If necessary, even the Ceremonial Hall at the Palace, where the President hosts receptions for foreign dignitaries, will be open to the evacuees if only to unclog crowded evacuation centers elsewhere.
"All of us are not prepared for this. Everything was done in a scramble,'' Press Secretary Cerge Remonde told reporters about the change of plans.? It was a work in progress. We adjust as we go along.''
Officials announced Monday that Malacañang would serve as an evacuation and relief operations center for flood victims from communities around the Palace. But shocked by the long queues of evacuees from other places as well on the following day, officials declared the Palace grounds would be used only to repack relief goods for distribution to evacuation centers.
But Ms Arroyo apparently had a change of heart.
In a visit to the Diosdado Macapagal Elementary School in Barangay Tatalon in Quezon City Tuesday night, she coaxed the flood and fire victims to leave the crowded evacuation center and take shelter in Malacañang.
So beginning after midnight Tuesday, busloads of 17 families or 103 individuals from Tatalon occupied the ground and second floors of the Mabini Hall, which houses the Office of the Executive Secretary.

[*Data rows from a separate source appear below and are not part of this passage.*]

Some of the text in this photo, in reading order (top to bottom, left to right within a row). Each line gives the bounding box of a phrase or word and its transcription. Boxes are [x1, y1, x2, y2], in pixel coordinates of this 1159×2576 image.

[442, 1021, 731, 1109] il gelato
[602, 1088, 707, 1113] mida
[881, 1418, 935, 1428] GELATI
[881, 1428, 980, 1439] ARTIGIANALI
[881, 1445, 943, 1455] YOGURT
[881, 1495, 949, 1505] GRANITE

On Wednesday morning, the weary, sleepless evacuees lay huddled against the wall in opposite wings of the building, mostly catching sleep and fielding questions from volunteer students, unmindful of the fact that they were in Malacañang.

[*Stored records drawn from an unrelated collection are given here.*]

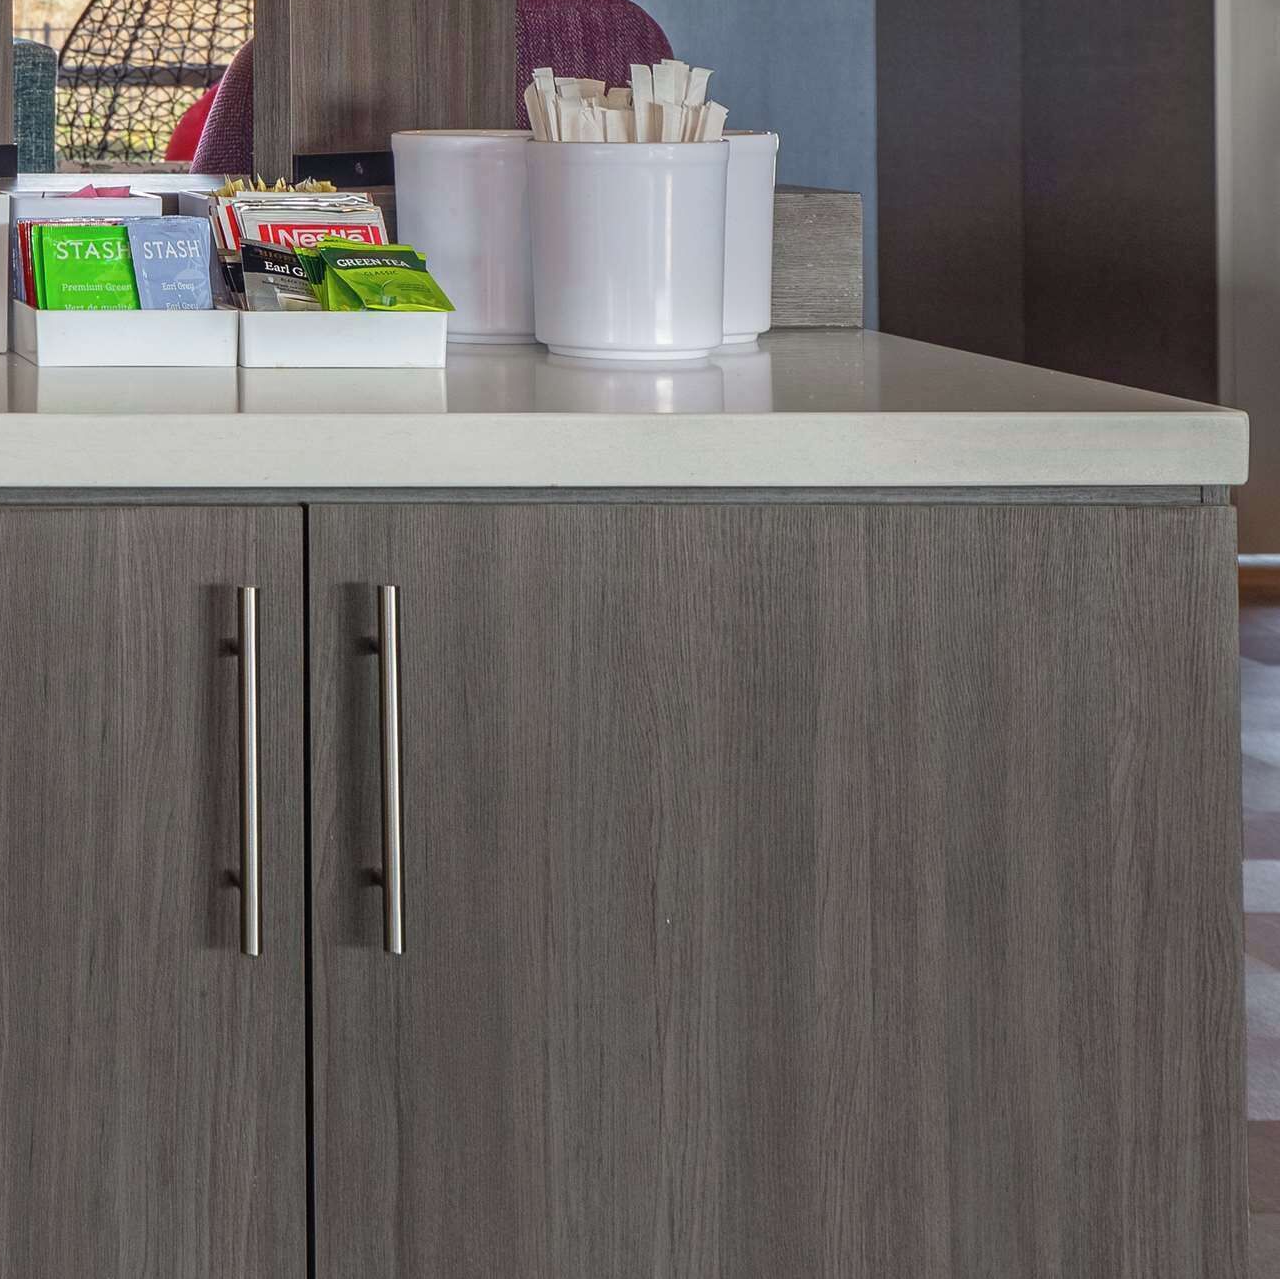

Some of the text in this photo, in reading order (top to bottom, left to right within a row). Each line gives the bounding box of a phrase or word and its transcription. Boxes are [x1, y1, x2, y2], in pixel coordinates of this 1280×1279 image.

[56, 239, 130, 260] STASH
[144, 239, 201, 260] STASH
[265, 261, 290, 274] Earl
[336, 258, 411, 268] GREEN TEA
[62, 282, 132, 291] Premium Green

"The idea is to reduce the crowd in the evacuation center and prevent diseases,'' social welfare officer Cindy Calma said, explaining why the five-story Mabini Hall was turned into an evacuation center.
The elementary school in Tatalon was teeming with 700 families who were forced to flee their homes Saturday due to rising floodwaters and a fire, according to social workers.

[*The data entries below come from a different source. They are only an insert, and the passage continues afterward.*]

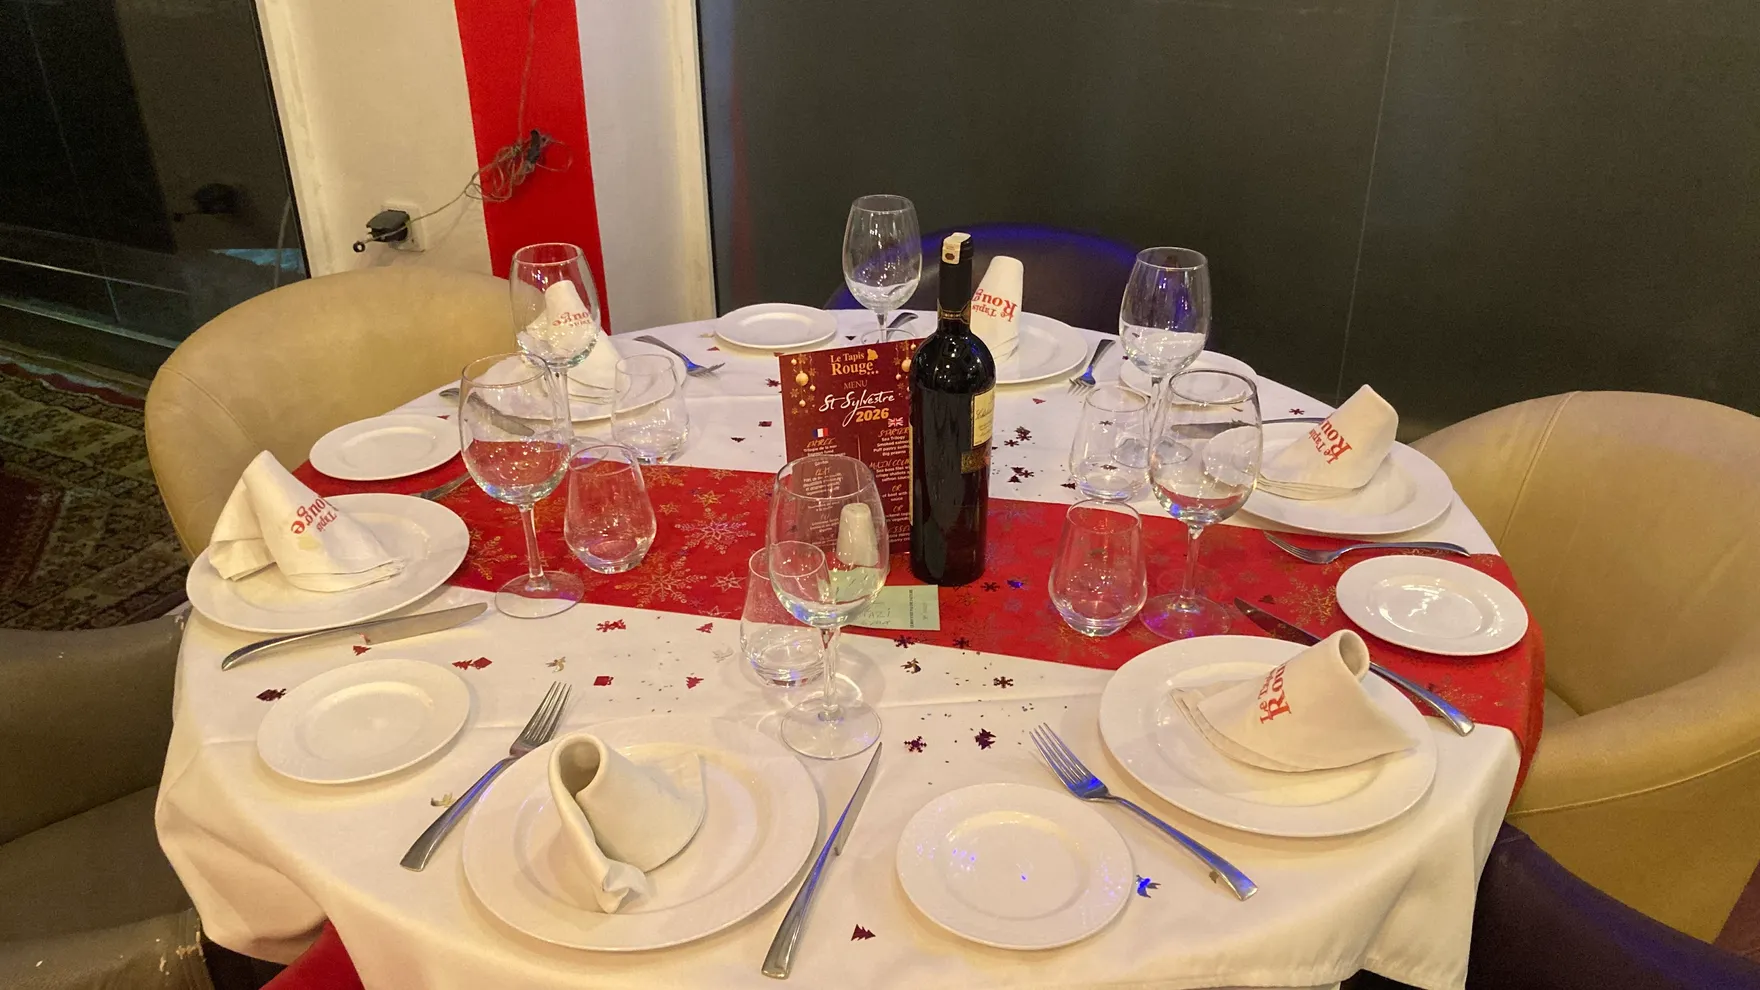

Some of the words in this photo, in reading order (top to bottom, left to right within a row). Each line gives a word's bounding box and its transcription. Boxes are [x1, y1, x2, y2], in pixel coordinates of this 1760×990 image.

[552, 311, 589, 327] ouge
[972, 304, 997, 318] Tapis
[830, 354, 841, 363] Le
[843, 351, 865, 362] Tapis
[843, 380, 868, 390] MENU
[819, 394, 846, 412] St
[840, 389, 895, 427] Sylvestre
[855, 408, 890, 423] 2026
[1320, 420, 1352, 458] Rou
[1323, 448, 1338, 464] Le
[891, 484, 902, 492] OR
[291, 498, 326, 534] ouge
[316, 511, 338, 532] Tapis
[1268, 665, 1292, 720] Rou
[1260, 701, 1274, 724] Le

Malacañang hopes to accommodate at least 100 homeless families or 500 individuals from Tatalon, or Pasig City in and out of the Mabini Hall, according to Secretary Hermogenes Esperon of the Presidential Management Staff.
"We are addressing the overflow evacuees from evacuation centers,'' he told reporters.
But if necessary, the carpeted Ceremonial Hall would also be open to 10 families, Esperon said.
"I think we can accommodate about 50 persons or 10 (families) in the Ceremonial Hall,'' he said, pointing out that their stay in Malacañang would depend on how soon the situation would normalize and evacuees start returning to their homes.
At the Mabini Hall, the evacuees were supplied with clean beddings and mattresses, used clothes, and a regular supply of meals and bottled water, a far cry from the dire conditions in evacuation centers, where the crowds slept on cardboard and jostled for bags of relief goods.
"We had fried chicken for dinner and breakfast. Here, the grace comes to us,'' housewife Jessica Regoro, mother of four girls, aged 1 to 14, said in an interview, her eyes lighting up.
Jessica and her husband Edgar, a delivery boy at an auto supply shop in Binondo, Manila, and their children had narrowly escaped death as storm "Ondoy'' cut a wide swath of destruction around Metro Manila and nearby provinces last Saturday.
As floodwaters engulfed the first floor of their homes in Tatalon, they climbed to the second floor and holed up there, waiting for the waters to recede. But at nightfall, a fire broke out in their neighborhood, forcing them to climb to their rooftop and escaped by hopping onto neighbors' rooftops.
"It was really a tragedy. We're lucky to be alive,'' said the 38-year-old Regoro, who said they failed to salvage anything from their home.
It's their first trip to Malacañang, no thanks to the storm, but they weren't too thrilled to go around.
"We'd rather stay here. We're ashamed to roam around. That's what we miss most about the evacuation center. There we can go around, and go home, and come back,'' the housewife said.
At the nearby Kalayaan Hall, over a hundred student volunteers, including Indian students from the University of Perpetual Help in Las Piñas, stuffed bread and bottled water into bags, and placed them in cartons that were later transported by Army trucks to various evacuation centers.
The President's daughter, Ma. Evangeline Lourdes "Luli'' Arroyo-Bernas, clad in a black shirt, shorts and slippers, was on top of the situation, occasionally giving orders through a megaphone.
"We have so far dispatched close to 15,000 individual packs. But the priority destinations are those where we have evacuees in evacuation centers especially in Marikina, Pasig, Taytay, Cainta where some of our countrymen haven't eaten for two days,'' Esperon said.
According to PMS Director Cookie Aydinan, there's a high demand for bottled water, canned goods, personal hygiene products, and baby milk in most evacuation centers.